О Стеньке ему много рассказывал Вадим Захарович, учитель-пенсионер, живший по соседству. Захарыч, как его называл Васека, был добрейшей души человек. Это он первый сказал, что Васека талантливый. Он приходил к Васеке каждый вечер и рассказывал русскую историю. Захарыч был одинок, тосковал без работы. Последнее время начал попивать. Васека глубоко уважал старика. До поздней ноченьки сиживал он на лавке, поджав под себя ноги, не шевелился — слушал про Стеньку.
— ... Мужик он был крепкий, широкий в плечах, легкий на ногу... чуточку рябоватый. Одевался так же, как все казаки. Не любил он, знаешь, разную там парчу... и прочее. Это ж был человек! Как развернется, как глянет исподлобья — травы никли. А справедливый был!.. Раз попали они так, что жрать в войске нечего. Варили конину. Ну и конины не всем хватало. И увидел Стенька: один казак совсем уж отощал, сидит у костра, бедный, голову свесил: дошел окончательно. Стенька толкнул его — подает свой кусок мяса. «На, — говорит, — ешь». Тот видит, что атаман сам почернел от голода. «Ешь сам, батька. Тебе нужнее». — «Бери!» — «Нет». Тогда Стенька как выхватил саблю — она аж свистнула в воздухе: «В три господа душу мать!.. Я кому сказал: бери!» Казак съел мясо. А?.. Милый ты, милый человек... душа у тебя была.
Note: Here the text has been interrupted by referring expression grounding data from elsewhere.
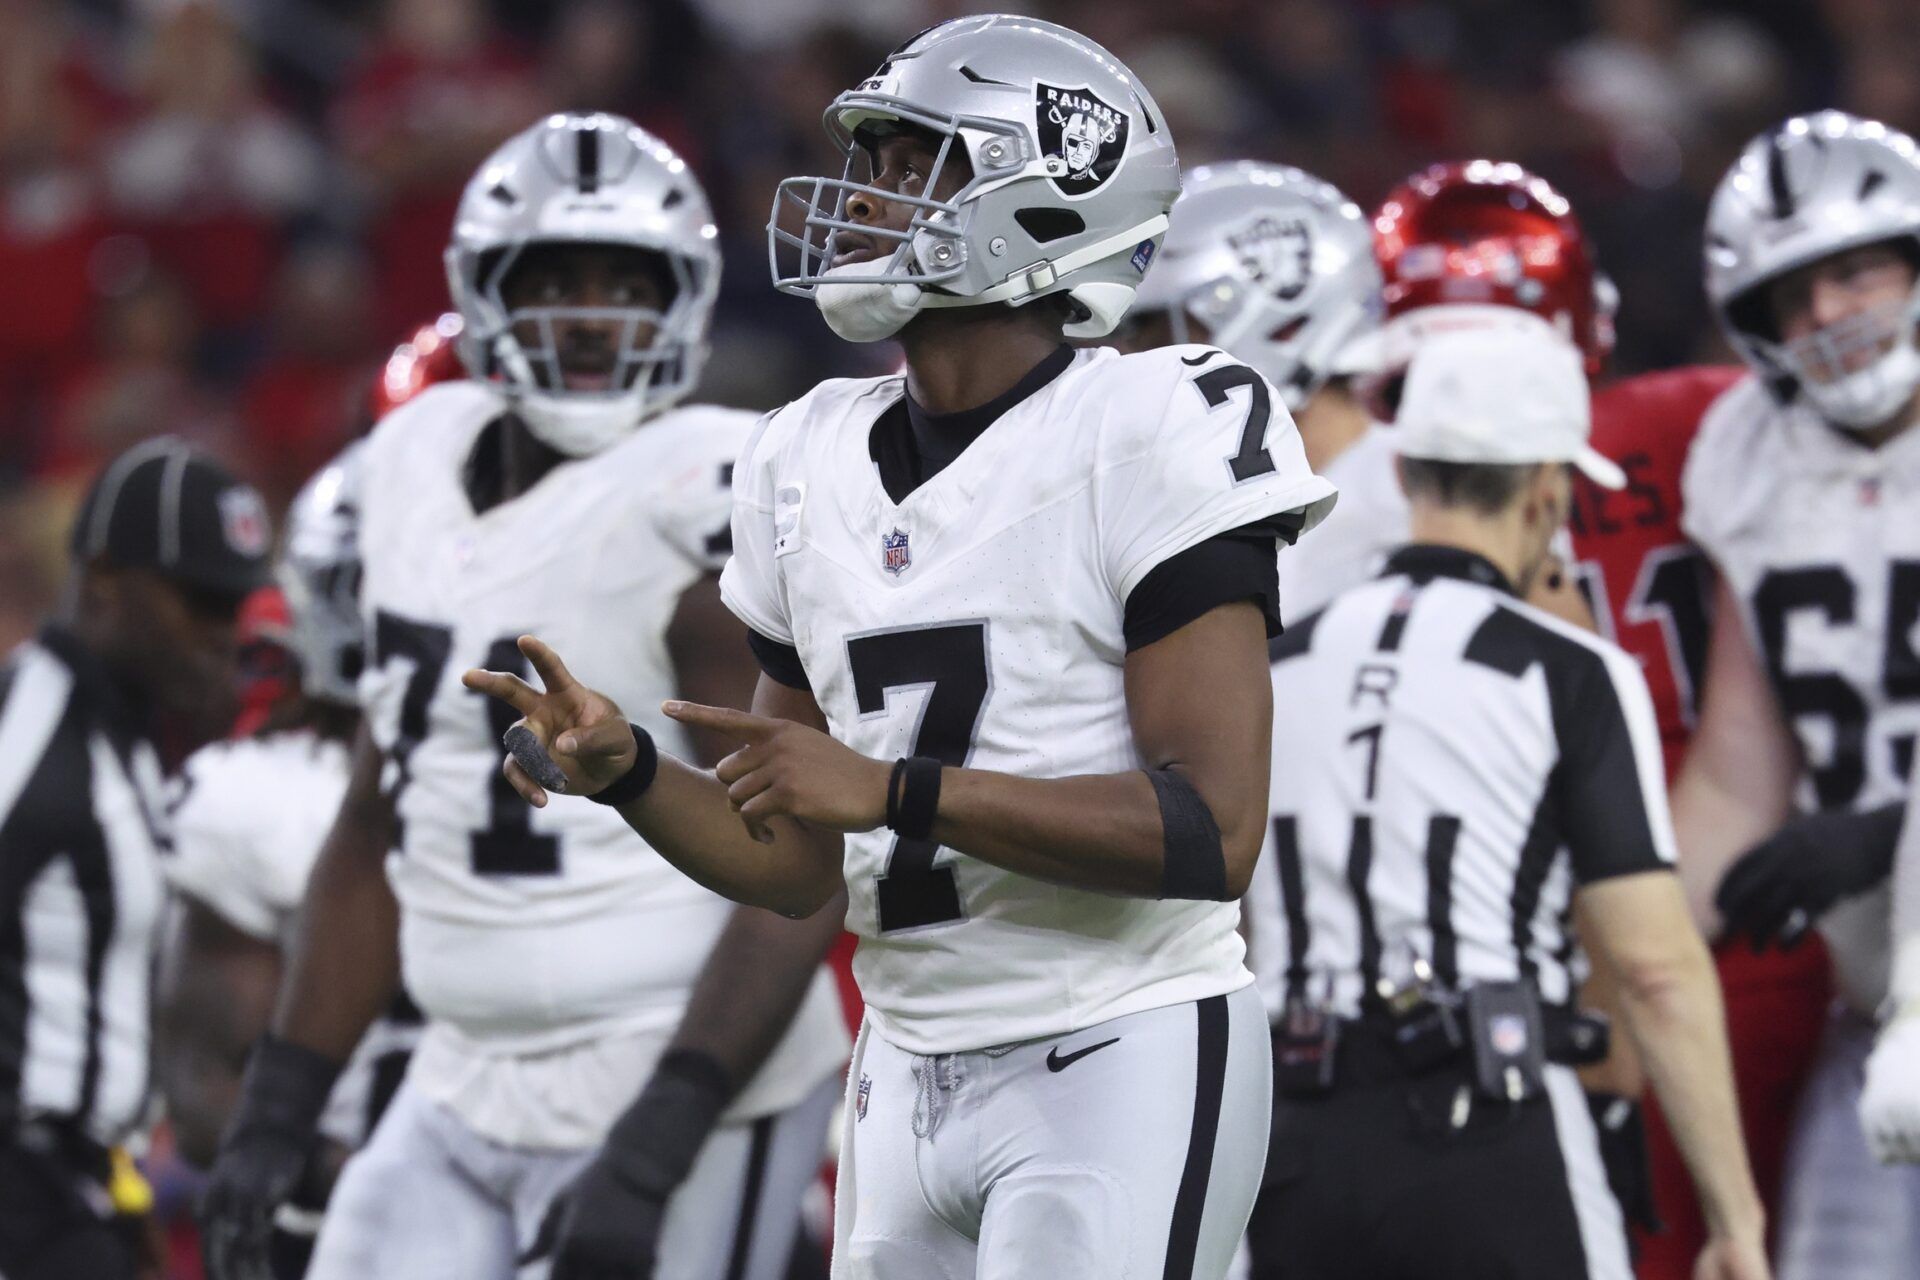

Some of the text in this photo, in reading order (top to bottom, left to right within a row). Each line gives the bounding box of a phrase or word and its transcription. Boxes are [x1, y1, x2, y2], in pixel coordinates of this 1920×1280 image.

[1046, 88, 1122, 126] RAIDERS
[1189, 363, 1279, 487] 7
[886, 548, 906, 567] NFL
[1350, 664, 1399, 708] R
[374, 606, 563, 877] 71
[843, 617, 994, 937] 7
[1346, 722, 1384, 801] 1
Васека, с повлажневшими глазами, слушал.
— А княжну-то он как! — тихонько, шепотом, восклицал он. — В Волгу взял и кинул...
— Княжну!.. — Захарыч, тщедушненький старичок с маленькой сухой головой, кричал: — Да он этих бояр толстопузых вот так покидывал! Он их как хотел делал! Понял? Сарынь на кичку! И все.
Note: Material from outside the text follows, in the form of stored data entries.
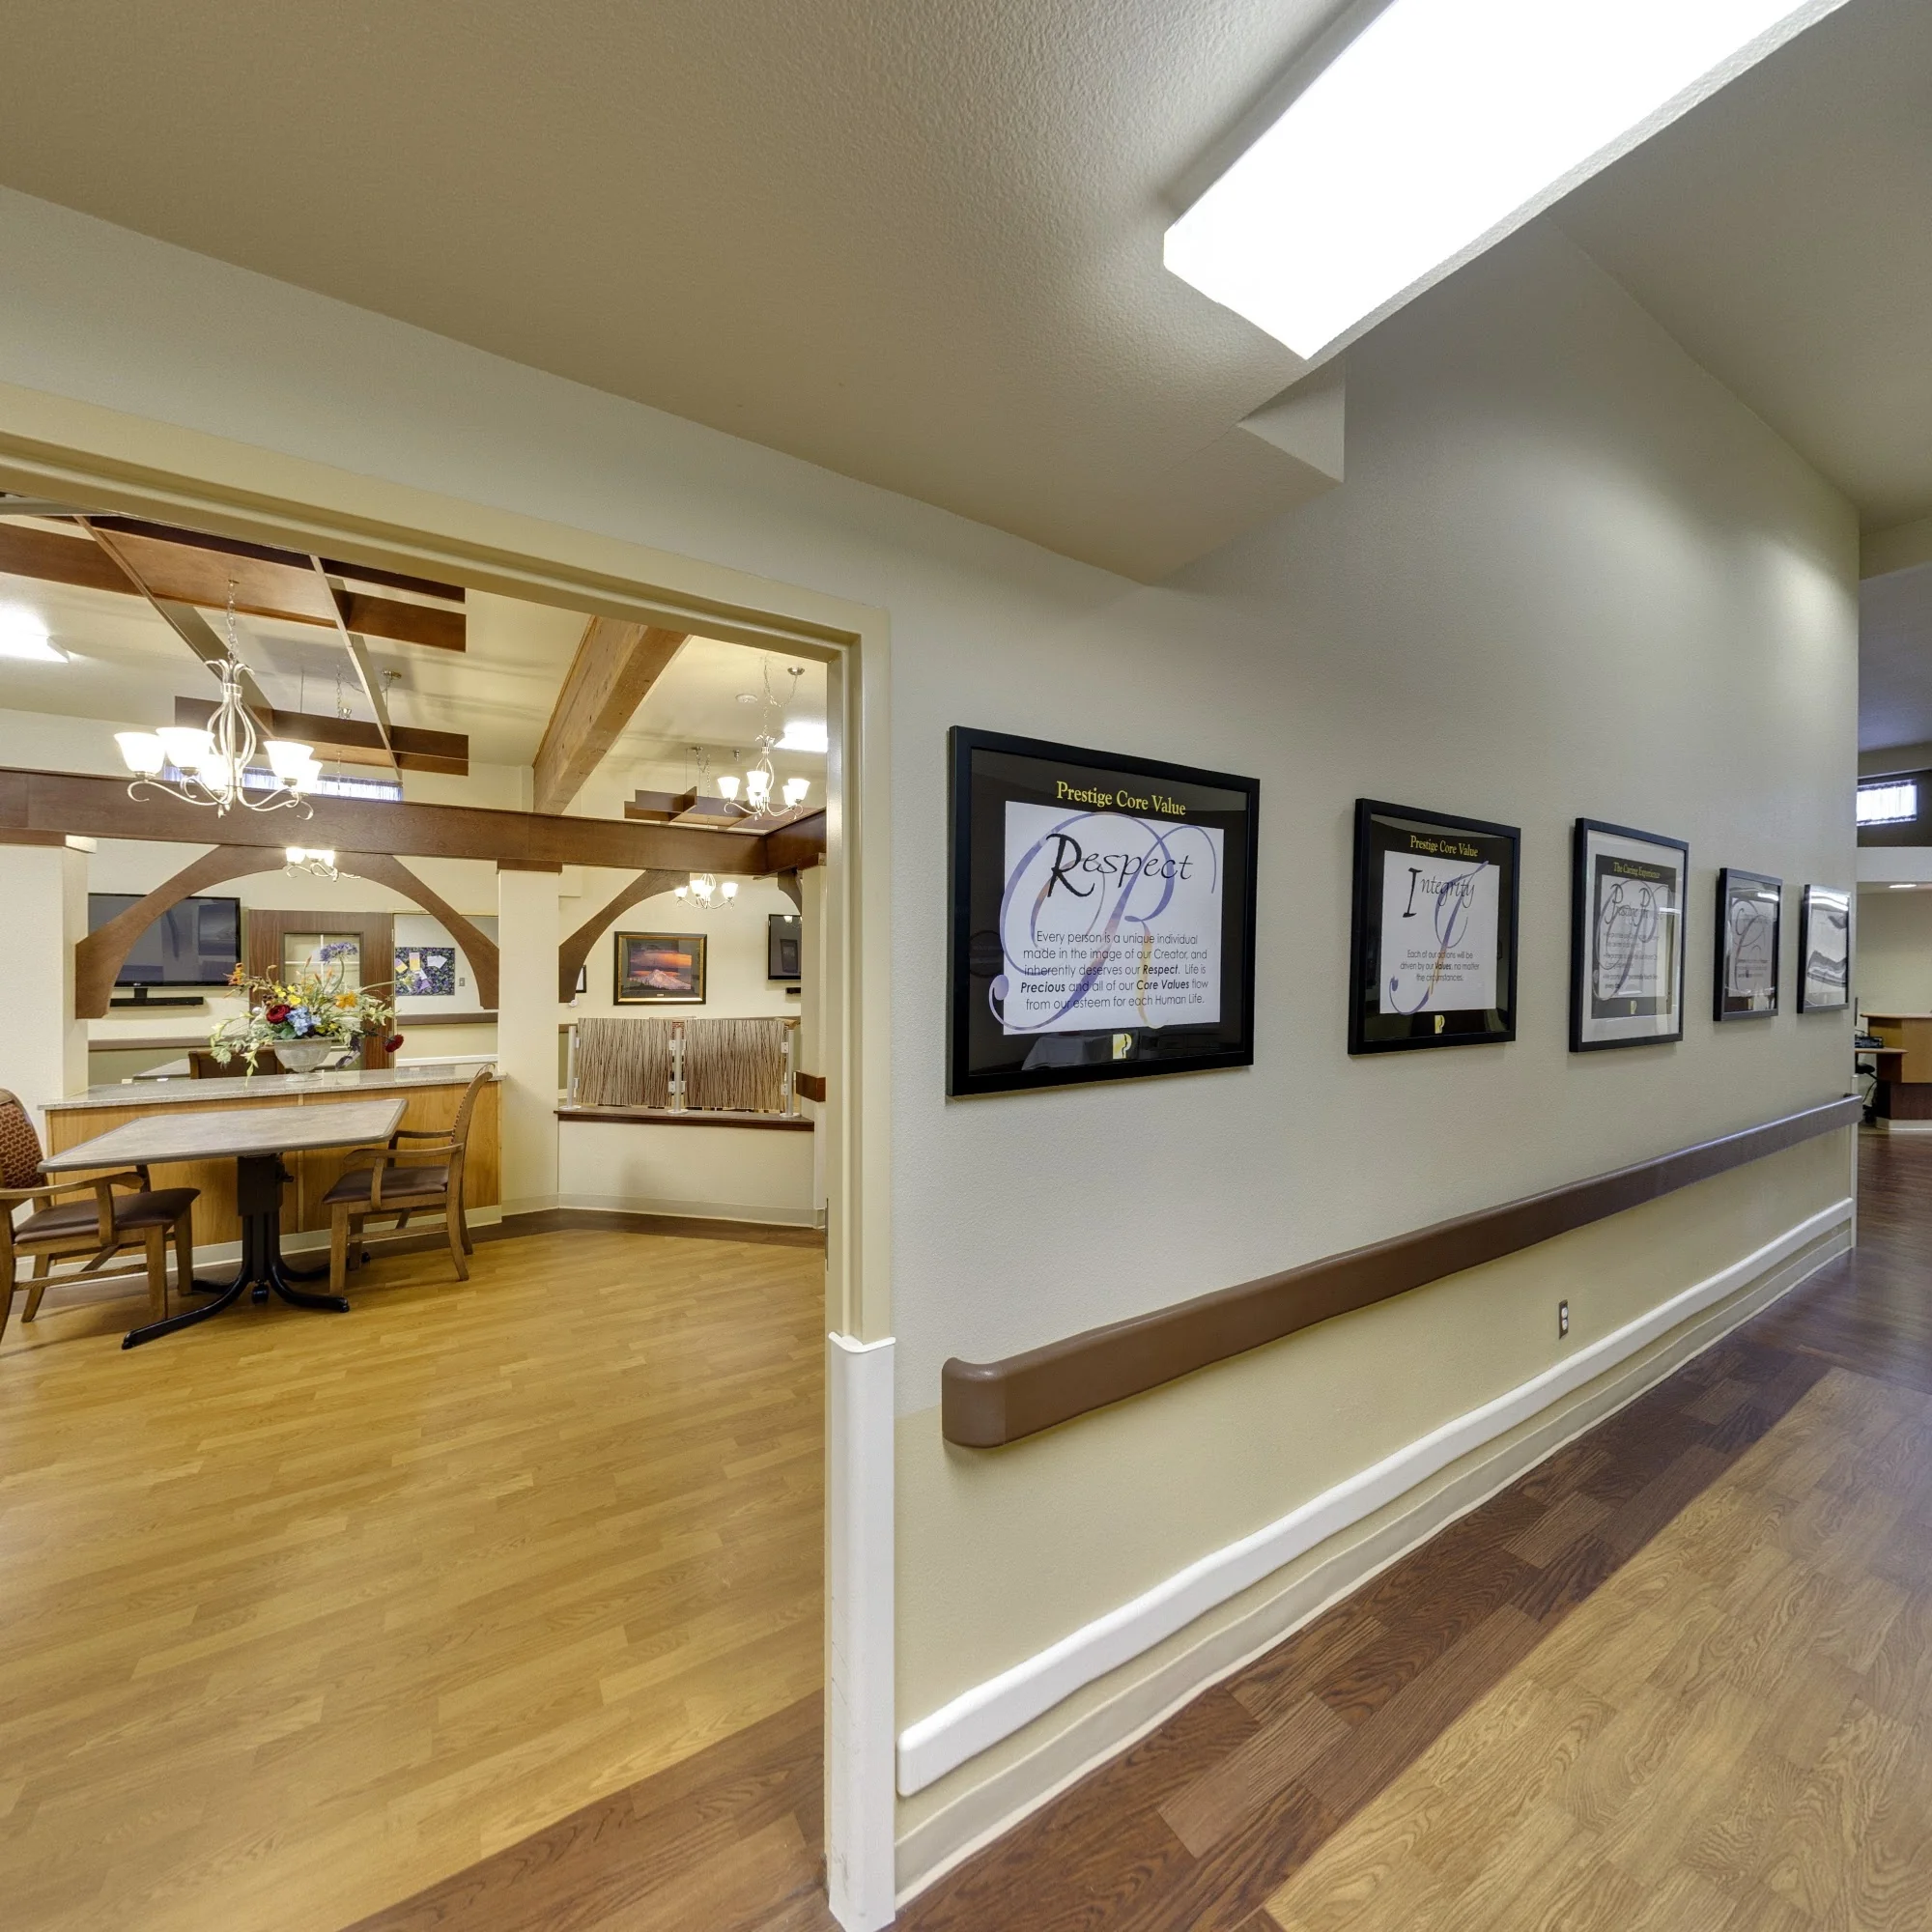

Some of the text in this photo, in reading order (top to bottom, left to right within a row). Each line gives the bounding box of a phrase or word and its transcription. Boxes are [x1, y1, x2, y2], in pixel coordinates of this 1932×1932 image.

[1056, 781, 1186, 815] Prestige Core Value
[1410, 835, 1478, 856] Prestige Core Value
[1045, 833, 1194, 898] Respect
[1613, 862, 1623, 873] The
[1403, 867, 1475, 918] Integrity
[1037, 930, 1198, 946] Every person is a unique individual
[1023, 947, 1208, 962] made in the image of our Creator, and
[1407, 949, 1421, 958] Each
[1422, 950, 1428, 958] of
[1024, 964, 1206, 978] inherently deserves our Respect. Life is
[1400, 962, 1417, 970] driven
[1418, 962, 1425, 972] by
[1020, 979, 1209, 993] Precious and all of our Core Values flow
[1026, 993, 1205, 1010] from our esteem for each Human Life.
...Работа над Стенькой Разиным подвигалась туго. Васека аж с лица осунулся. Не спал ночами. Когда «делалось», он часами не разгибался над верстаком — строгал и строгал... швыркал носом и приговаривал тихонько:
— Сарынь на кичку.
Спину ломило. В глазах начинало двоиться. Васека бросал нож и прыгал по горнице на одной ноге и негромко смеялся.
А когда «не делалось», Васека сидел неподвижно у раскрытого окна, закинув сцепленные руки за голову. Сидел час, два — смотрел на звезды и думал про Стеньку.
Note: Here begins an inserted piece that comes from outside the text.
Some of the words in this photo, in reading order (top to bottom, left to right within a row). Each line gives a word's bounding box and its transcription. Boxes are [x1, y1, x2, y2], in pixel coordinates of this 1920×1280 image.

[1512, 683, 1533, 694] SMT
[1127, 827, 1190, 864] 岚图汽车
Приходил Захарыч, спрашивал:
— Василий Егорыч дома?
— Иди, Захарыч! — кричал Васека. Накрывал работу тряпкой и встречал старика.
— Здоровеньки булы! — Так здоровался Захарыч — «по-казацки».
— Здорово, Захарыч.
Захарыч косился на верстак.
— Не кончил еще?
— Нет. Скоро уж.
— Показать можешь?
— Нет.
— Нет? Правильно. Ты, Василий... — Захарыч садился на стул, — ты — мастер. Большой мастер. Только не пей. Это гроб! Понял? Русский человек талант свой может не пожалеть. Где смолокур? Дай...
Васека подавал смолокура и сам впивался ревнивыми глазами в свое произведение.
Захарыч, горько сморщившись, смотрел на деревянного человечка.
— Он не про Ермака поет, — говорил он. — Он про свою долю поет. Ты даже не знаешь таких песен. — И он неожиданно сильным, красивым голосом запел:
О-о-эх, воля, моя воля!
Воля вольная моя.
Воля — сокол в поднебесье,
Воля — милые края...
У Васеки перехватывало горло от любви и горя.
Он понимал Захарыча. Он любил свои родные края, горы свои, Захарыча, мать... всех людей. И любовь эта жгла и мучила — просилась из груди. И не понимал Васека, что нужно сделать для людей. Чтобы успокоиться.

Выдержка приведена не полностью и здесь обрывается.